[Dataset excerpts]
= Beginning of Section =

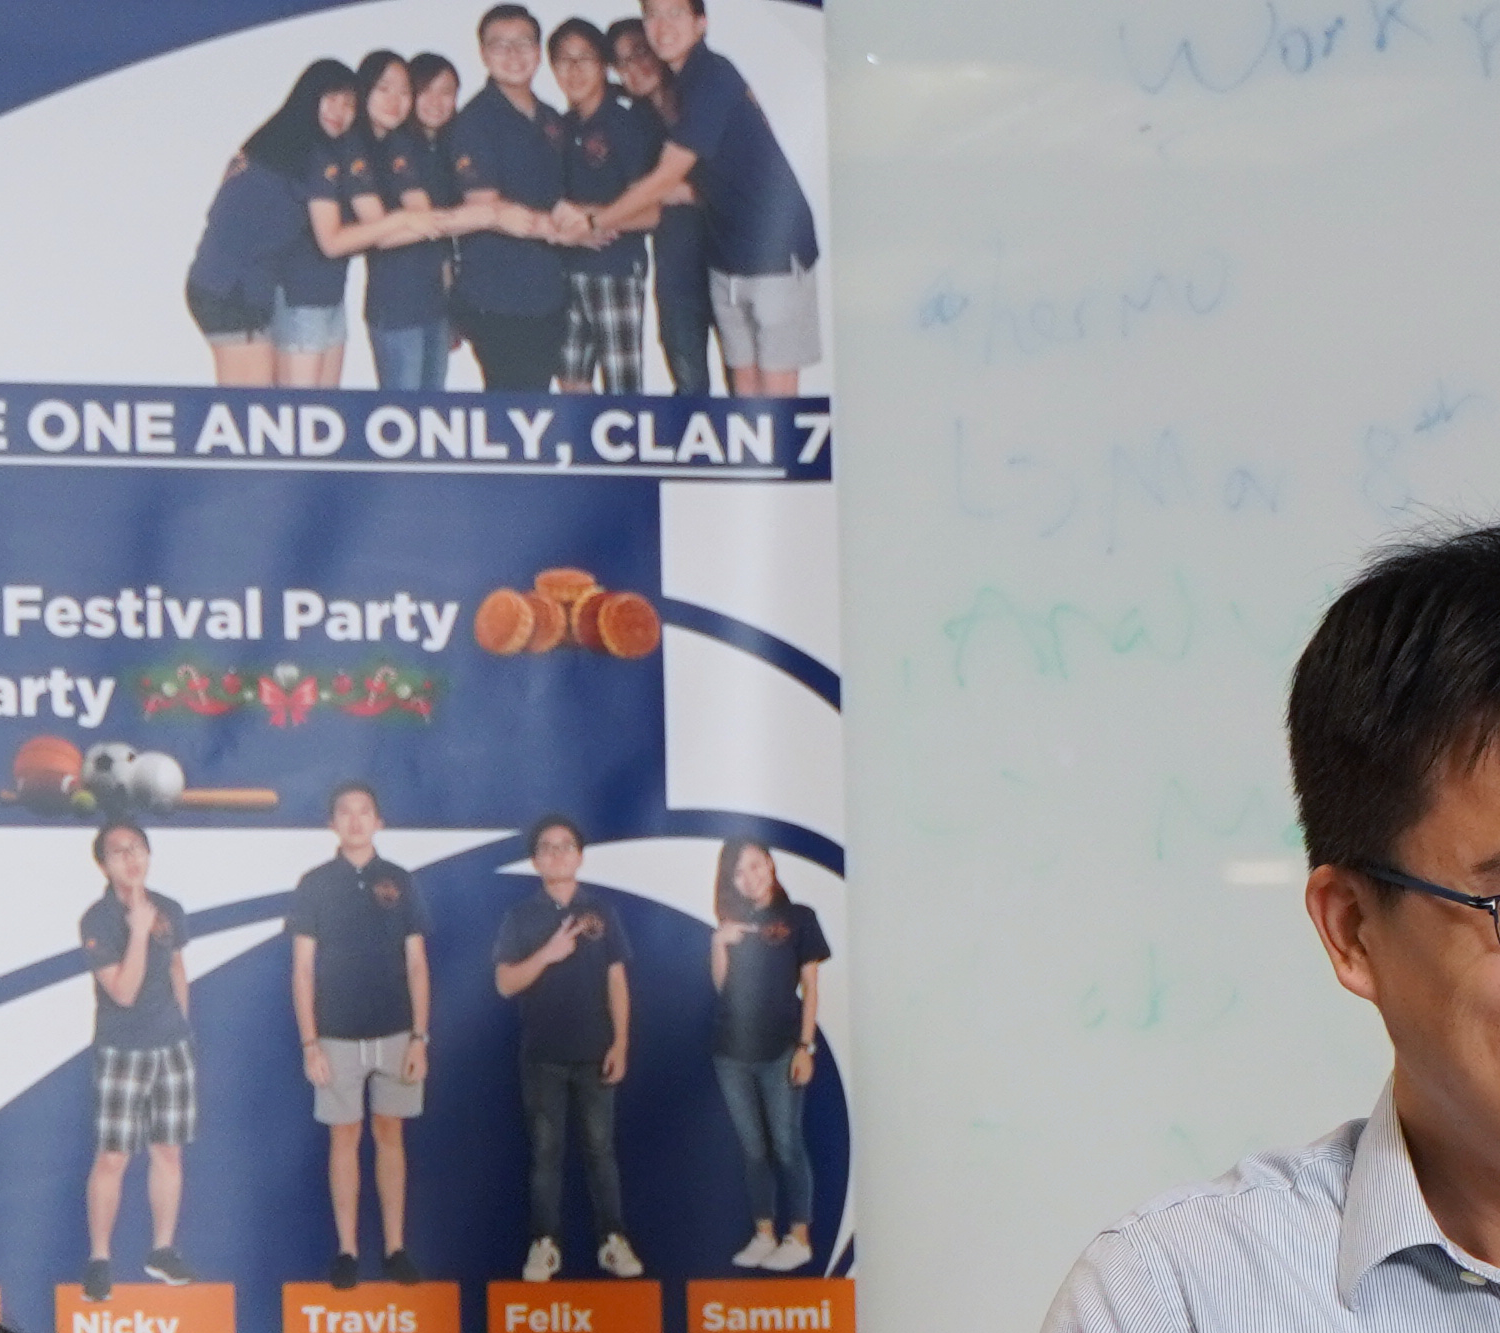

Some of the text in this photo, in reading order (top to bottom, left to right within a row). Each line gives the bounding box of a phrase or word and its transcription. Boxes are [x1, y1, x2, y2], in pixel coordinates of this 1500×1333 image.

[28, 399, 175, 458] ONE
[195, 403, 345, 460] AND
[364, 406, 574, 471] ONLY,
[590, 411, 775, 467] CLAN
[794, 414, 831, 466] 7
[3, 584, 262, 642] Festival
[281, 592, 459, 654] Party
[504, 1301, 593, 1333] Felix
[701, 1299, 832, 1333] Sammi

= End of Section =

* [What is needed]: An exact reprint of every record is required, with the pictures omitted.

* [Response]:
Some of the text in this photo, in reading order (top to bottom, left to right within a row). Each line gives the bounding box of a phrase or word and its transcription. Boxes are [x1, y1, x2, y2], in pixel coordinates of this 1500×1333 image.

[28, 399, 175, 458] ONE
[195, 403, 345, 460] AND
[364, 406, 574, 471] ONLY,
[590, 411, 775, 467] CLAN
[794, 414, 831, 466] 7
[3, 584, 262, 642] Festival
[281, 592, 459, 654] Party
[504, 1301, 593, 1333] Felix
[701, 1299, 832, 1333] Sammi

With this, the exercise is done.